Next, we determined the specificity for the discard pathway. In particular, we tested substrates having mutations at the first position of the intron (G1) or at the branch site (br) adenosine. These substrates are defective in 5′ splice site cleavage, exon ligation, or both and accumulate each splicing species to varying degrees (Fig. 2, Top and Middle; e.g., ref. 32). Specifically, by primer extension analysis the G1a and brG substrates formed little mRNA and accumulated predominantly lariat intermediate. Nevertheless, β-galactosidase assays revealed that the G1a and brG substrates expressed lacZ at levels 22- and 40-fold above the control, the nonexpressing UAc substrate in a wild-type DBR1 strain (Fig. 2, Bottom; cf. bars 2 and 5 with 8). This high level of expression is greater than that for the wild-type substrate and correlates well with the increased levels of 3′ exon (Fig. 2B)—as reflected in the strong accumulation of the lariat intermediates, whose mutated branch structures are resistant to Dbr1p (33). Given the predominantly cytoplasmic localization of wild-type mRNA, these data provide evidence that the G1a and brG lariat intermediates do not stall on the spliceosome in the nucleus but rather localize to and accumulate in the cytoplasm.
Fig. 2.
A wide range of suboptimal substrates is discarded into the cytoplasm. Discard reporters, in DBR1 (H2545) or dbr1Δ (yJPS1080), were wild type (WT) or mutated at the 5′ splice site (G1), branch site (br), or 3′ splice site. (Top) RNA was analyzed as in Fig. 1B. (Middle) Levels of pre-mRNA (Light Gray), lariat intermediate (Diagonal Stripes), and mRNA (Black) were stacked and normalized to wild-type levels to reflect total 3′ exon levels. (Bottom) β-galactosidase activity, relative to wild type. Activity correlates with total 3′ exon levels. Error bars reflect the range for two experiments.

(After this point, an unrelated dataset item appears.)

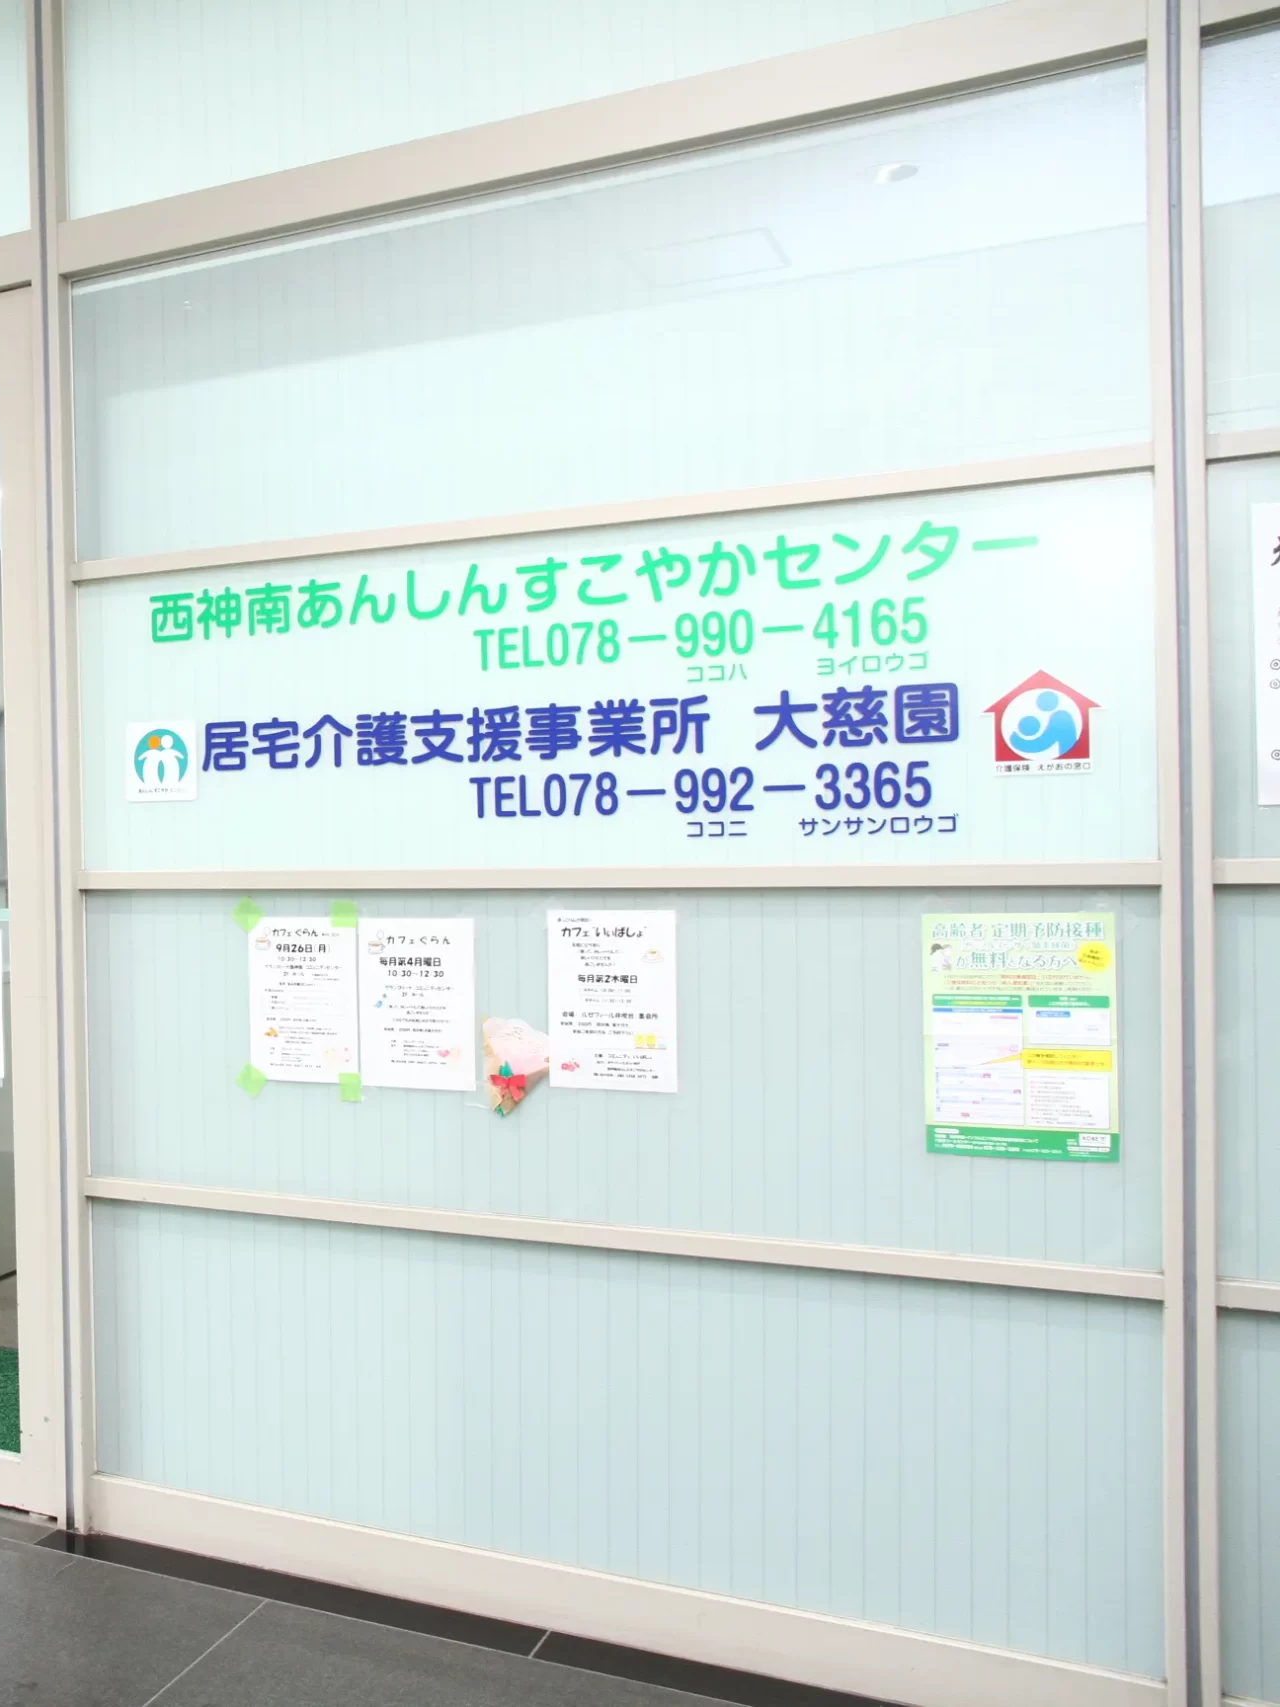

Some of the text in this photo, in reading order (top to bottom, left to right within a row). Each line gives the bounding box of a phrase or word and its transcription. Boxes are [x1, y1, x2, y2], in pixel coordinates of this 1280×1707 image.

The G1c and brC substrates formed little mRNA and accumulated predominantly pre-mRNA (Fig. 2, Top and Middle). Nonetheless, these suboptimal substrates expressed lacZ approximately 12-fold above the control, similar to the wild-type substrate (Fig. 2, Bottom; cf. bars 1, 3, and 6). These similar levels of expression correlated with the similar levels of suboptimal pre-mRNAs and optimal mRNA (Fig. 2, Middle; cf. lane 1 black bar with lanes 3 and 6 solid gray bars). These data indicate that, as for optimal mRNA, the suboptimal pre-mRNAs also accumulate in the cytoplasm, consistent with previous observations (e.g., refs. 4 and 6). Finally, the G1u and brU substrates formed little mRNA and accumulated similar levels of pre-mRNA and lariat intermediate that together were comparable to wild-type mRNA levels (Fig. 2, Top and Middle; cf. lanes 1, 4, and 7). These substrates also expressed lacZ as efficiently as the wild-type substrate (Fig. 2, Bottom). Thus, for all substrates, the expression of β-galactosidase correlated well with the total primer extension signal from all IRES-containing splicing species (Fig. 2; cf. Middle and Bottom; Fig. S1). Indeed, the ratios of β-galactosidase to 3′ exon for the mutated reporters were, on average, within 30% of the ratio for the wild-type reporter, despite widely varying splicing efficiencies. These data provide evidence that substrates having mutations at any of the intronic consensus sequences can not only discard to the cytoplasm but also accumulate predominantly in the cytoplasm, regardless of whether the substrate compromises 5′ splice site cleavage, exon ligation, or both (SI Text, SI Note 2).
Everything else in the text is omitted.